KONSEP MANAJEMEN BERBASIS SEKOLAH

Manajemen berbasis sekolah merupakan gagasan yang menempatkan kewenangan pengelolaan sekolah dalam suatu keutuhan entitas sistem. Menurut Finn bahwa manajemen berbasis sekolah dan sekolah yang efektif dapat dicermati sebagai berikut:

“The improvements in student achievement are most likely to be gained in schools which are relatively autonomous, process a capacity to resolve their problems, and in which strong leadership, particularly by the principal, is a characteristic.”

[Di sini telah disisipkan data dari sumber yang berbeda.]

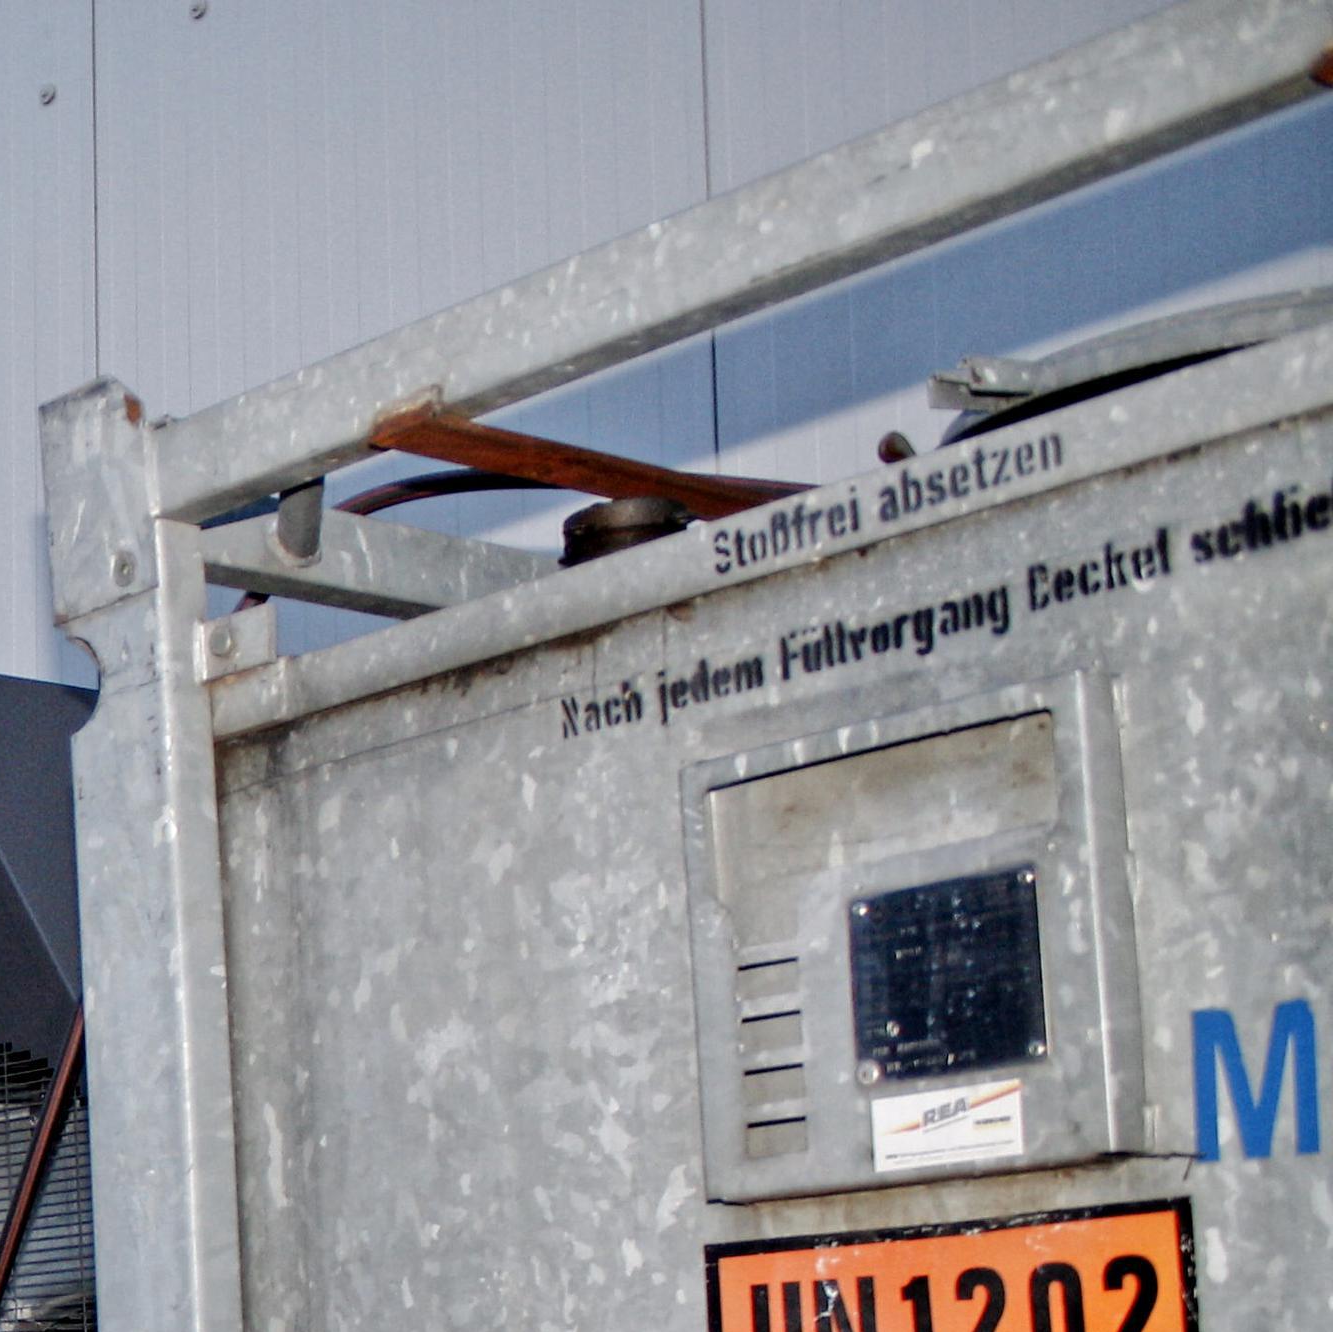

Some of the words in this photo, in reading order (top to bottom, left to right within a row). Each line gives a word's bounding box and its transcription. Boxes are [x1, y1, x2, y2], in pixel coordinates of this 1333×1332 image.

[714, 485, 860, 574] Stoßfrei
[878, 432, 1064, 523] absetzen
[559, 680, 643, 740] Nach
[658, 654, 765, 726] jedem
[779, 583, 1011, 681] Füllvorgang
[1190, 478, 1333, 564] schlie
[1191, 997, 1321, 1164] M

Selaras dengan pendapat di atas adalah pendapat yang dikemukakan oleh Duignan yang dikutip oleh Dimmock Clive:

“A curriculum, client-based approach, with the focus on school-based decision making, allowing schools control over resources by which to fine-tune curricula for the benefit of students’.

 

            Berbeda dengan Chapman yang merlihat pokok permasalahan terhadap peningkatan kualitas sekolah dari sudut ekonomi dan politik dengan argumentasinya:

“In many countries the recent educational debate has been conducted in a context of alarm regarding the state of the economy and national competitiveness and that, in some countries education has received much of the blame for the nation’s relatively poor economic performance.”

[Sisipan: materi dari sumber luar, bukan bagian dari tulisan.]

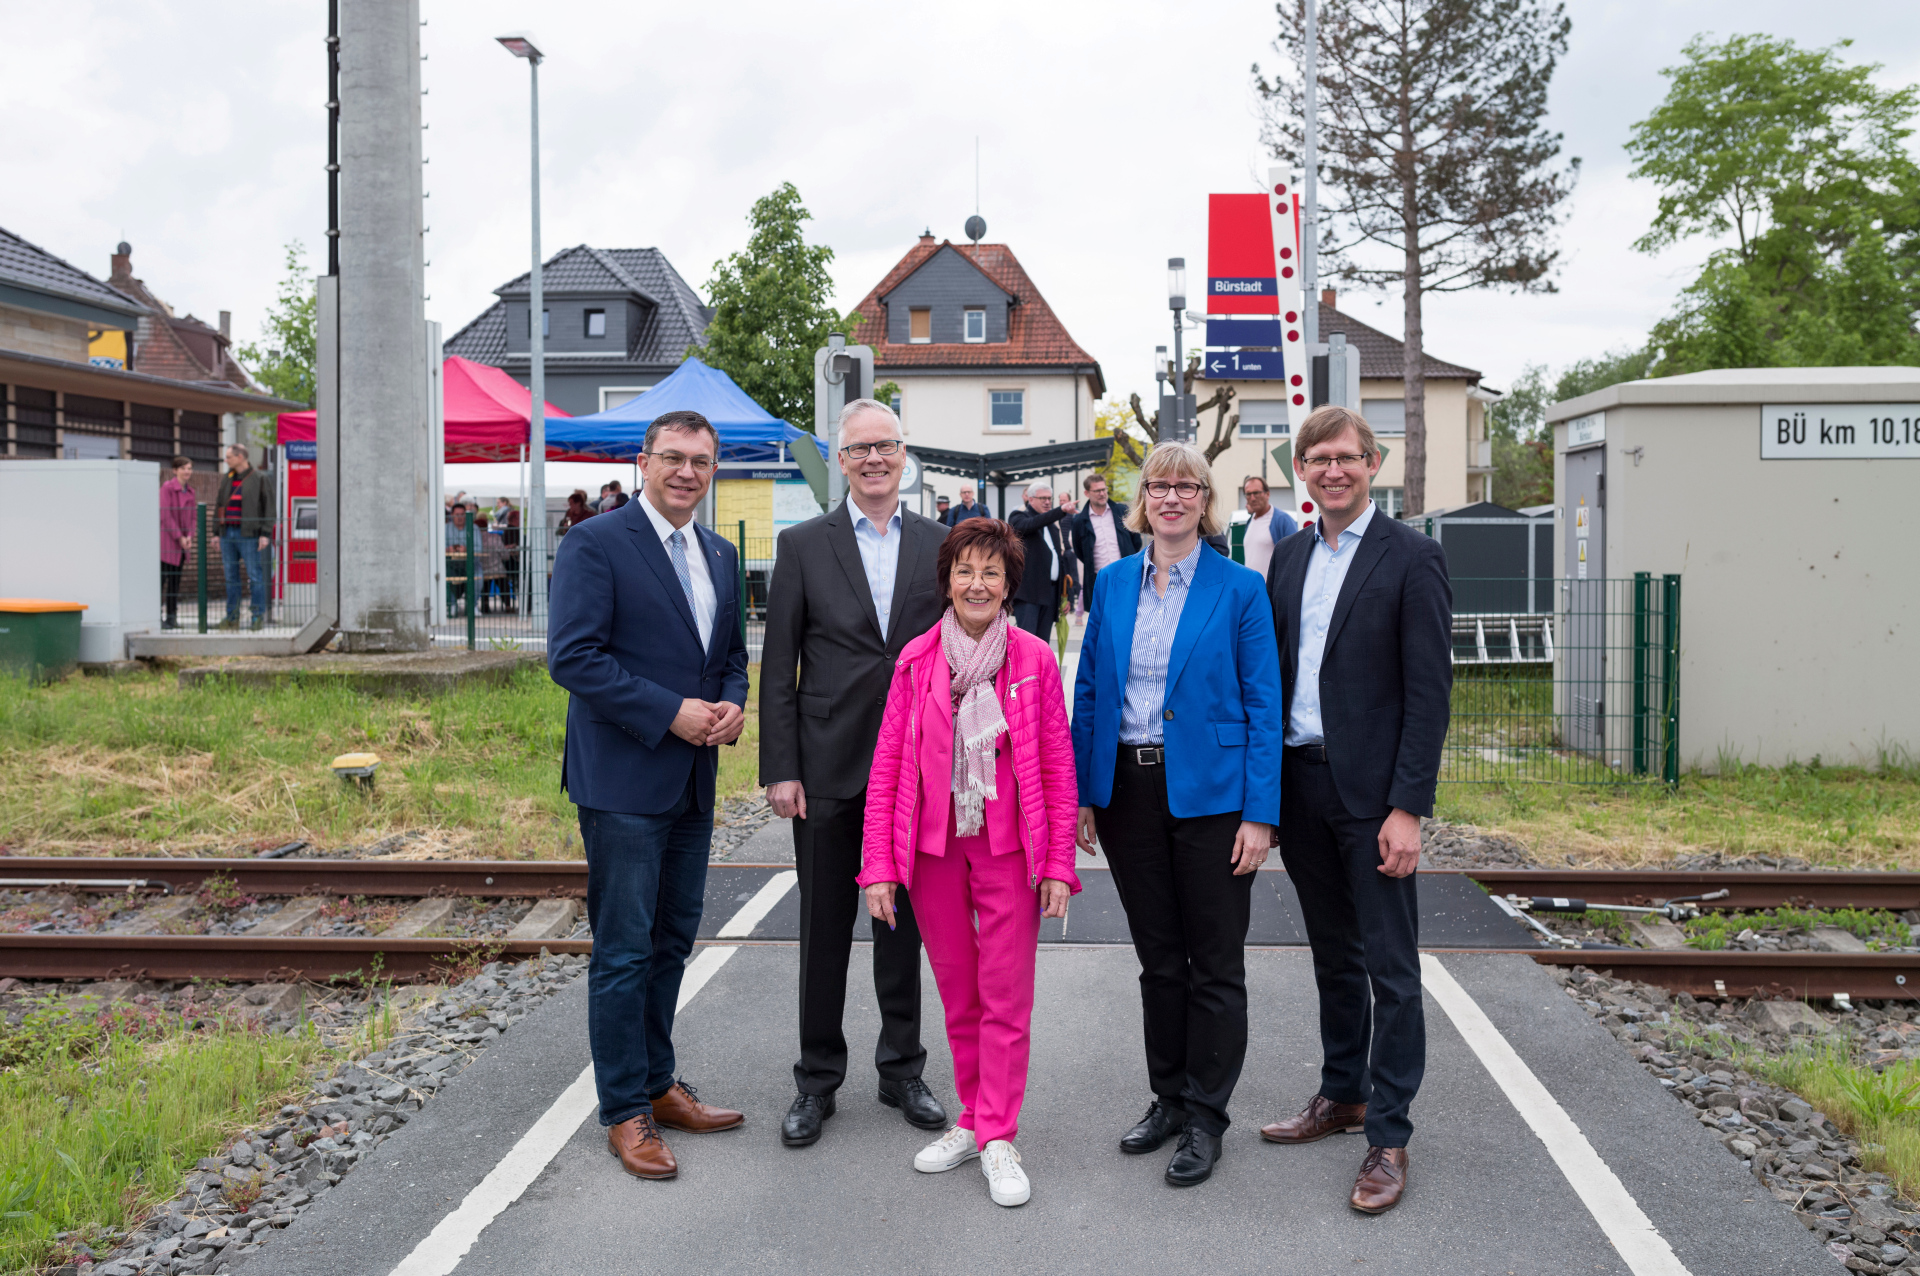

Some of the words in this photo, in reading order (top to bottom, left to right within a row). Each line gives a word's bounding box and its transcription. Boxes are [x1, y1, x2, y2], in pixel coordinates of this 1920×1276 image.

            Untuk membangun gambaran tentang manajemen berbasis sekolah dan sekolah yang efektif, Brown menyebutkan beberapa unsur karakteristik yang harus dimiliki:

“1. Autonomy, flexibility and responsiveness

2. Planning by the principal and school community

3. Adoption of new roles by the principal

4. A participatory school environment

5. Collaboration and collegiality among staff

6. A heightened sense of personal efficacy for principals and teachers.”

 

            Selain beberapa pengertian di atas, masih terdapat beberapa definisi tentang manajemen berbasis sekolah yang dapat dijadikan acuan, antara lain:

“School based management can be viewed conceptually as a formal alternation of government structures, as a form of decentralization that identifies the individual school as the primary unit of improvement and relies on the redistribution of decision-making authority as the primary means through which improvement might be stimulated and sustained.”  

 

            Definisi lain dari Candoli yang mengatakan:

“School based management is way for forcing individual school to take responsibility for what happens to children under their jurisdiction and attending their school. The concept suggests that, when individual schools are changed with the total development of educational programmes aimed at serving the needs of the children in attendance at the particular school, the school personal will develop more cogent programmes because they know the students and their needs.”